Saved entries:

##########

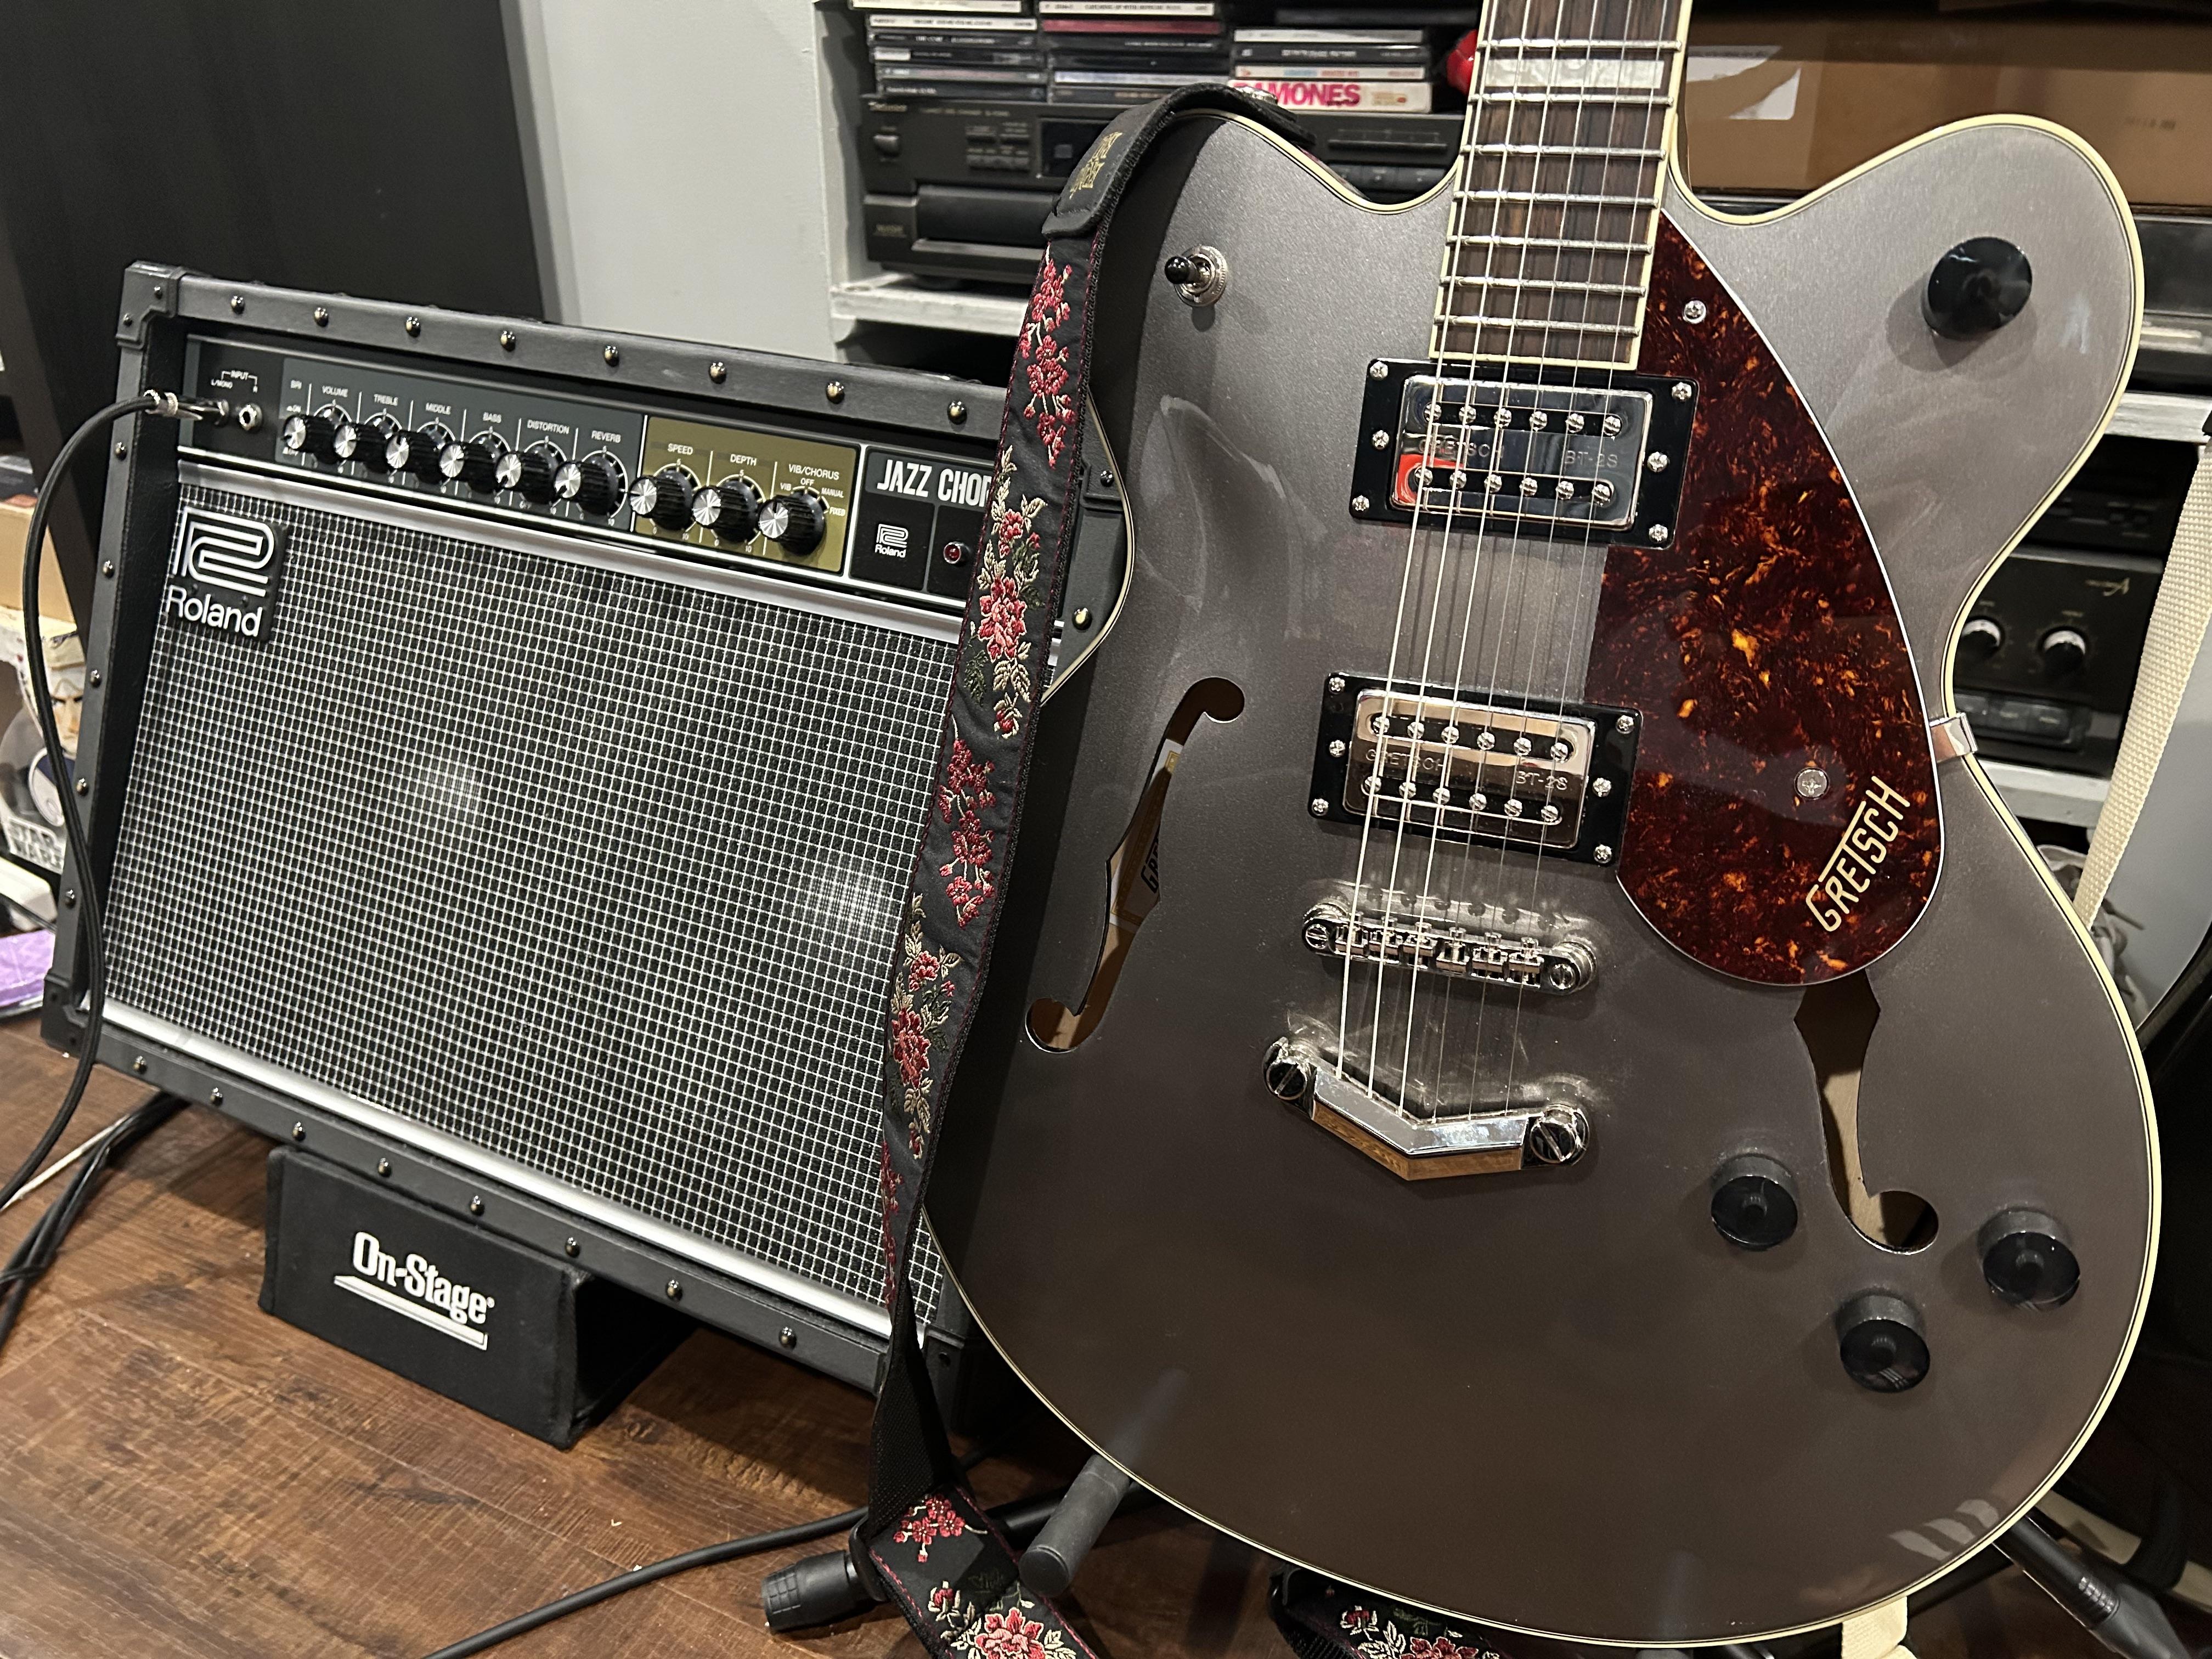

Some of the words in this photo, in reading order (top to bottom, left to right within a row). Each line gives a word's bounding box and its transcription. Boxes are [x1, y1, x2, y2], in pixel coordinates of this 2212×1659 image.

[1234, 82, 1361, 106] MONES
[230, 370, 249, 380] INPUT
[322, 385, 348, 398] VOLUME
[374, 393, 399, 407] TREBLE
[426, 402, 452, 415] MIDDLE
[483, 411, 502, 424] BASS
[527, 419, 569, 435] DISTORTION
[591, 430, 622, 444] REVERB
[667, 443, 693, 455] SPEED
[730, 453, 757, 466] DEPTH
[788, 464, 840, 481] VIB/CHORUS
[780, 482, 792, 491] VIB
[800, 477, 815, 486] OFF
[877, 459, 933, 498] JAZZ
[938, 469, 992, 507] CHOR
[821, 487, 844, 498] MANUAL
[829, 506, 846, 517] FIXED
[874, 544, 906, 558] Roland
[165, 584, 263, 637] Roland
[1805, 775, 1911, 932] GRETSCH
[352, 1231, 488, 1324] On-Stage
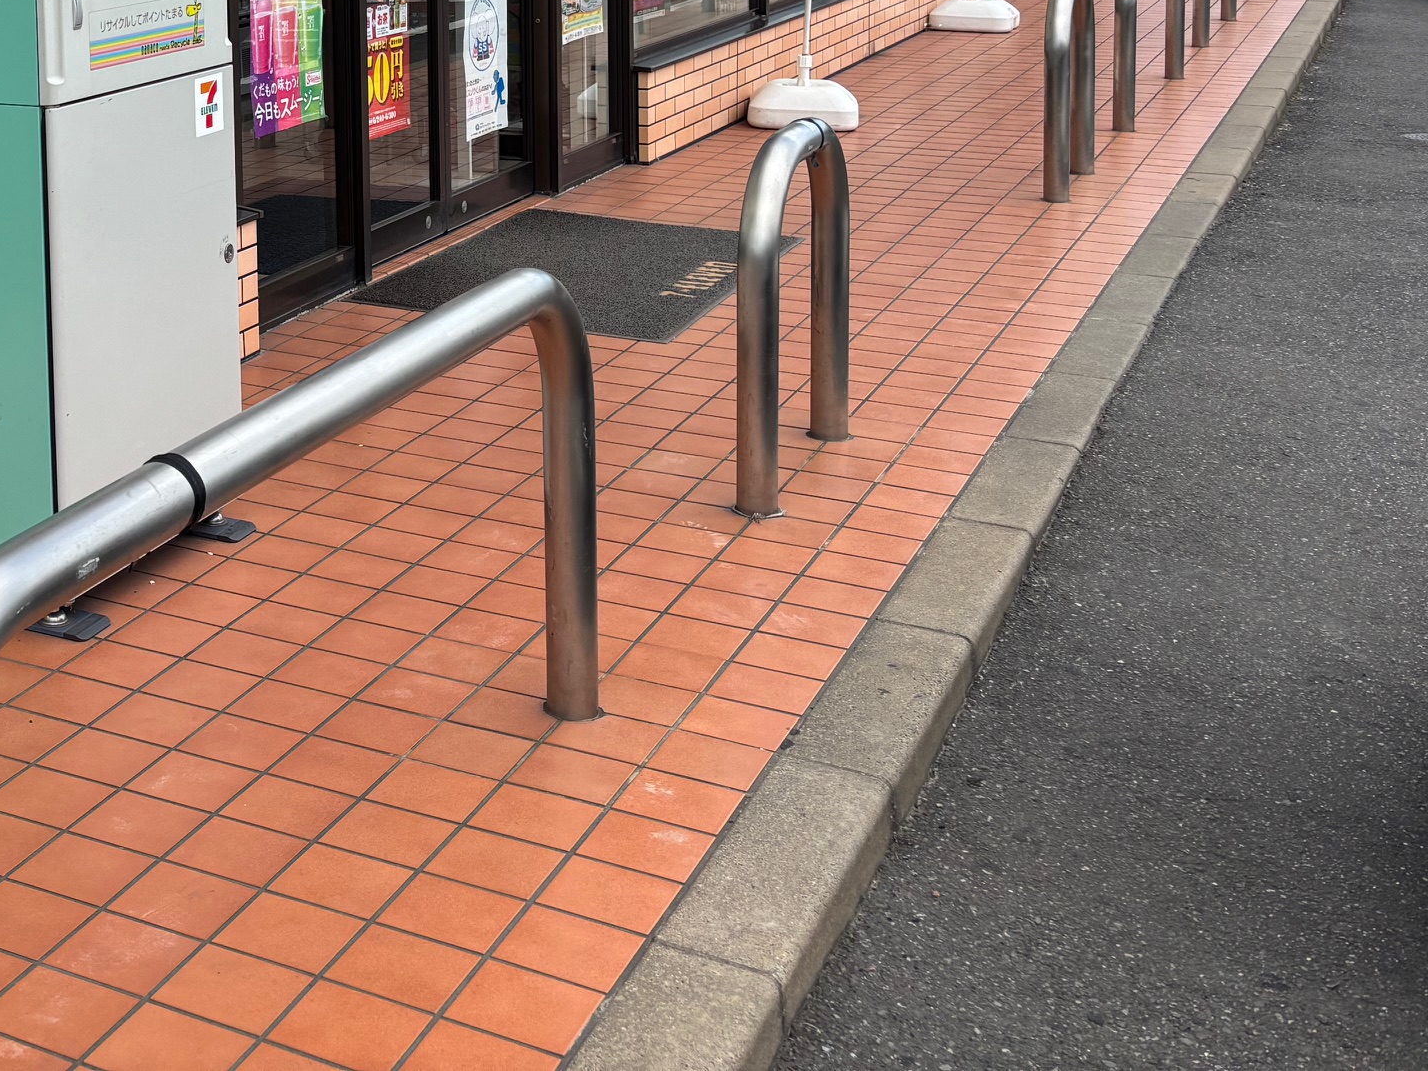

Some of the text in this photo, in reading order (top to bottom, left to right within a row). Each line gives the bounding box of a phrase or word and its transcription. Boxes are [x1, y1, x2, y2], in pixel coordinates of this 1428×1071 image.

[100, 6, 184, 33] リサイクルしてポイントたまる
[391, 50, 403, 81] 円
[253, 75, 300, 99] くだもの味わう!
[391, 81, 404, 102] 引き
[254, 88, 323, 128] 今日もスムージー!

##########

Reproduce the records above exactly, leaving out every picture they contain.

## RESPONSE AREA
Some of the words in this photo, in reading order (top to bottom, left to right within a row). Each line gives a word's bounding box and its transcription. Boxes are [x1, y1, x2, y2], in pixel coordinates of this 2212×1659 image.

[1234, 82, 1361, 106] MONES
[230, 370, 249, 380] INPUT
[322, 385, 348, 398] VOLUME
[374, 393, 399, 407] TREBLE
[426, 402, 452, 415] MIDDLE
[483, 411, 502, 424] BASS
[527, 419, 569, 435] DISTORTION
[591, 430, 622, 444] REVERB
[667, 443, 693, 455] SPEED
[730, 453, 757, 466] DEPTH
[788, 464, 840, 481] VIB/CHORUS
[780, 482, 792, 491] VIB
[800, 477, 815, 486] OFF
[877, 459, 933, 498] JAZZ
[938, 469, 992, 507] CHOR
[821, 487, 844, 498] MANUAL
[829, 506, 846, 517] FIXED
[874, 544, 906, 558] Roland
[165, 584, 263, 637] Roland
[1805, 775, 1911, 932] GRETSCH
[352, 1231, 488, 1324] On-Stage

Some of the text in this photo, in reading order (top to bottom, left to right within a row). Each line gives the bounding box of a phrase or word and its transcription. Boxes are [x1, y1, x2, y2], in pixel coordinates of this 1428×1071 image.

[100, 6, 184, 33] リサイクルしてポイントたまる
[391, 50, 403, 81] 円
[253, 75, 300, 99] くだもの味わう!
[391, 81, 404, 102] 引き
[254, 88, 323, 128] 今日もスムージー!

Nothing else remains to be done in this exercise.